Differential Equations of Complex Variables

Several years ago there was a question on the Igor Mail List about solving in Igor ODEs having complex variables. John Weeks replied that you have to decompose the system into 2N real variables. I have just had the need to do this, and found that a systematic approach does not require full decomposition by the user, and Igor complex number functions can reduce the burden of doing so. Here is a brief code example showing how to maintain much of the complex nature of the internal variables in the ODE derivative routine, with only minimal additional burden. The example happens to be for phase-matched optical parametric amplification including pump depletion (not generally treated in texts). All units and variables are normalized.
Function OPA(pw, zz, yw, dydz)
    Wave    pw      // pw[0] = imK1, pw[1] =imK2, pw[2] = imK3
    Variable  zz      // z value at which to calculate derivatives
    Wave    yw      // yw[0]-yw[5] containing real and imag parts of 3 complex variables
    Wave    dydz   // wave to receive d reE1/dz, d ImE1/dz etc. (output)

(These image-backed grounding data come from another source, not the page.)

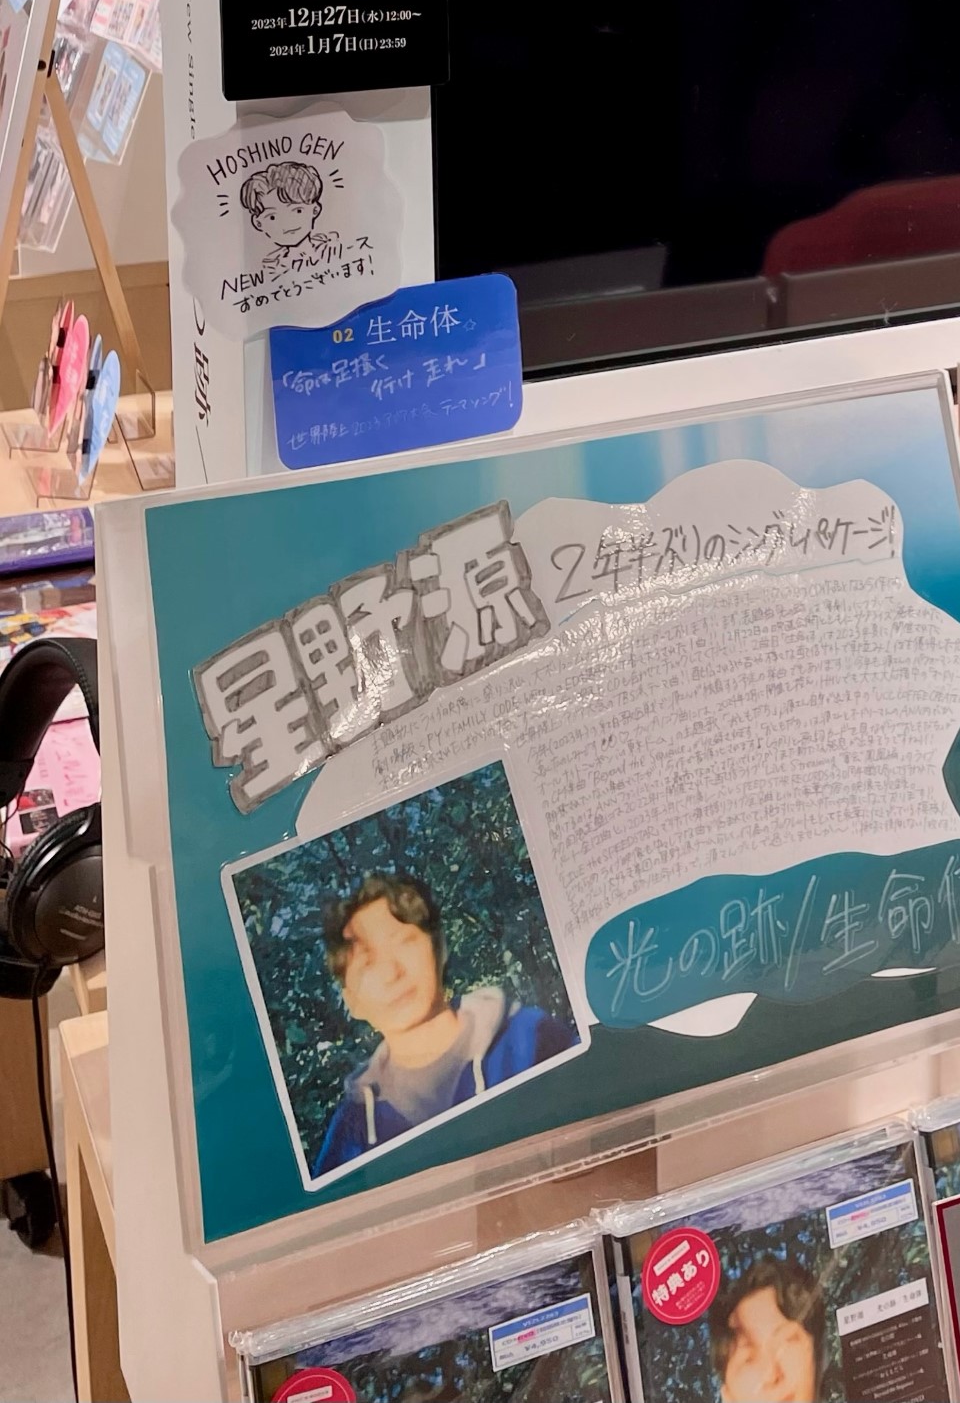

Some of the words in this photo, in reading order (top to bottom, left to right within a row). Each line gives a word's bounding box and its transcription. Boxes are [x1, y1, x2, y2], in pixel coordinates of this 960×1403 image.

[188, 53, 196, 140] Single
[206, 136, 292, 186] HOSHINO
[299, 133, 345, 162] GEN
[332, 328, 355, 345] 02
[366, 304, 461, 346] 生命体
[194, 499, 551, 815] 星野源
[651, 1248, 711, 1307] 特典あり
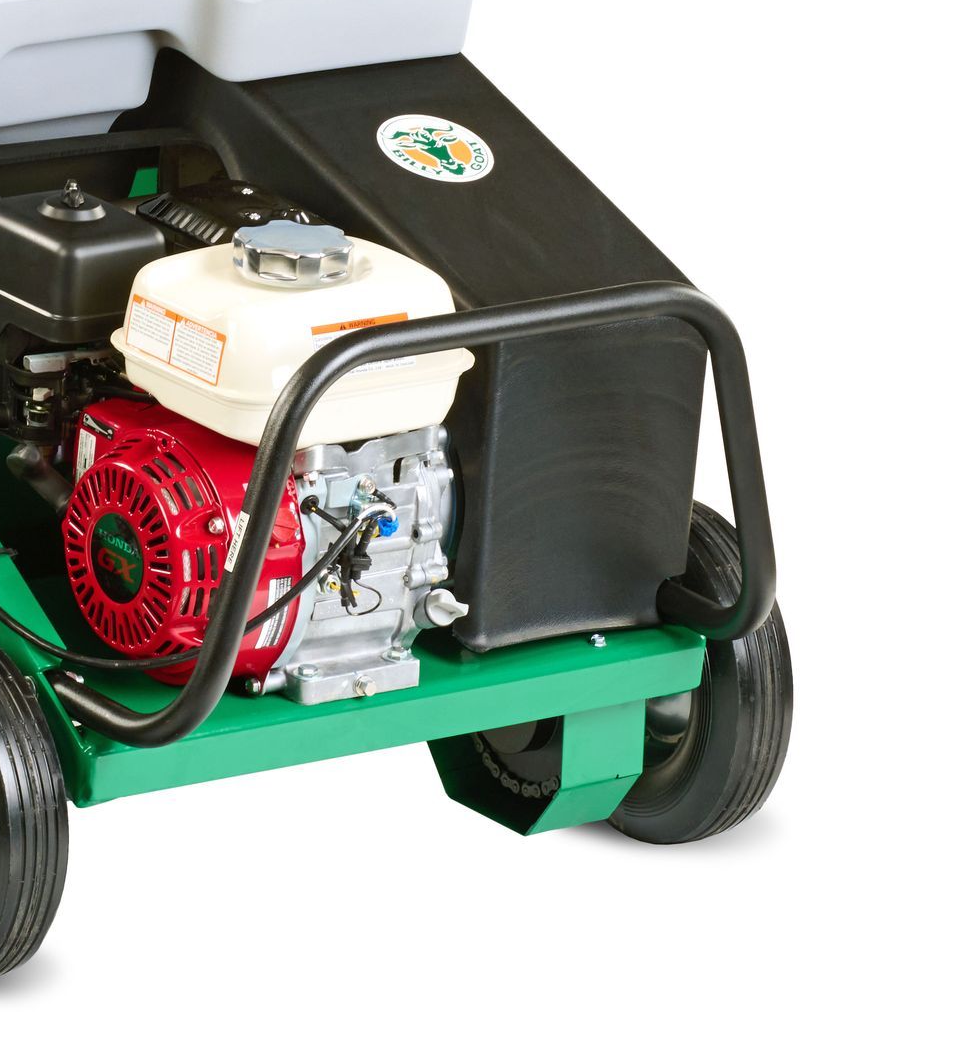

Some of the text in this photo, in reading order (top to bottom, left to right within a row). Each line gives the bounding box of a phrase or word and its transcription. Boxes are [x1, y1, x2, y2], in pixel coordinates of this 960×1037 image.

[392, 140, 485, 175] BILLY GOAT
[228, 518, 245, 564] LIFT HERE
[97, 547, 137, 584] GX

    //             idler                      signal                              pump 
    variable/C E1 = cmplx(yw[0],yw[1]) , E2 = cmplx(yw[2],yw[3]), E3 = cmplx(yw[4],yw[5])
    variable/C K1 = cmplx(0,pw[0]),      K2 = cmplx(0,pw[1]),     K3 = cmplx(0,pw[2])
   
    dydz[0] =  real( K1 * conj(E2) * E3 )     //   idler       
    dydz[1] =  imag( K1 * conj(E2) * E3 )  

    dydz[2] =  real( K2 * conj(E1) * E3 )     //   signal
    dydz[3] =  imag( K2 * conj(E1) * E3 )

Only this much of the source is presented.